GIVEN RECORDS Block Start
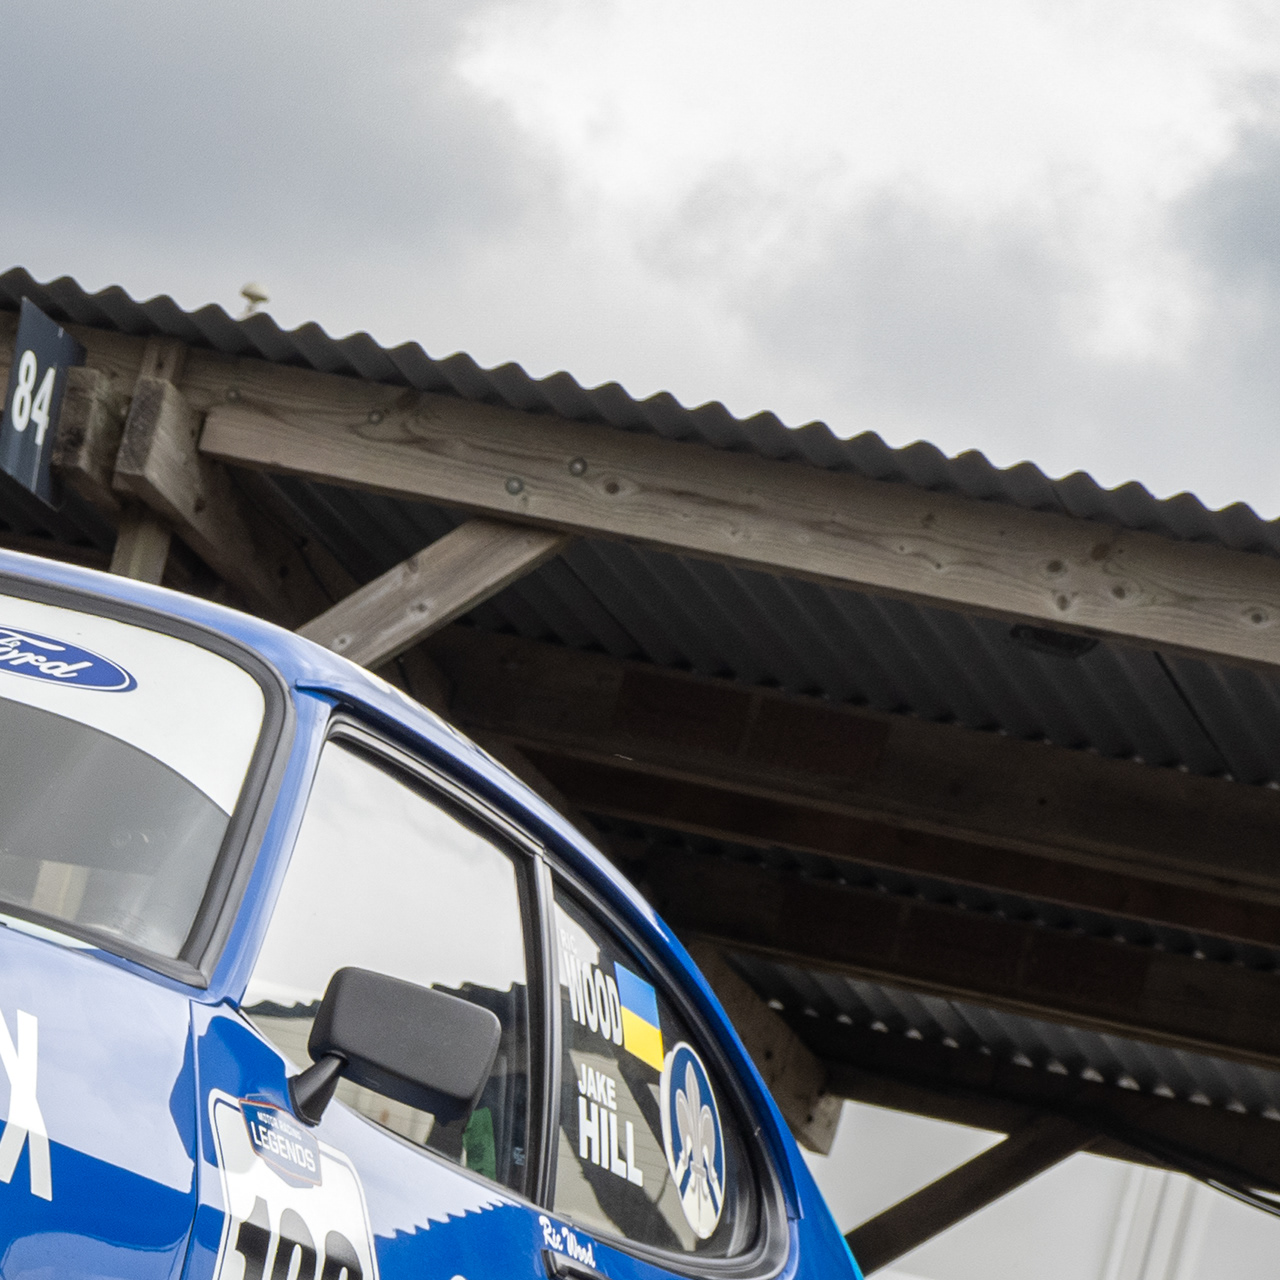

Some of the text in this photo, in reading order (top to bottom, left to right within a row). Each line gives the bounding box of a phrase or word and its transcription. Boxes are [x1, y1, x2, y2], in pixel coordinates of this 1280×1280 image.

[11, 350, 56, 445] 84
[562, 950, 624, 1046] WOOD
[578, 1063, 617, 1110] JAKE
[250, 1121, 317, 1173] LEGENDS
[578, 1096, 644, 1188] HILL
GIVEN RECORDS Block End
#### WHAT NEEDS TO BE DONE
Would you retype every line shown above exactly, leaving the pictures aside?

#### TASK ANSWER
Some of the text in this photo, in reading order (top to bottom, left to right within a row). Each line gives the bounding box of a phrase or word and its transcription. Boxes are [x1, y1, x2, y2], in pixel coordinates of this 1280×1280 image.

[11, 350, 56, 445] 84
[562, 950, 624, 1046] WOOD
[578, 1063, 617, 1110] JAKE
[250, 1121, 317, 1173] LEGENDS
[578, 1096, 644, 1188] HILL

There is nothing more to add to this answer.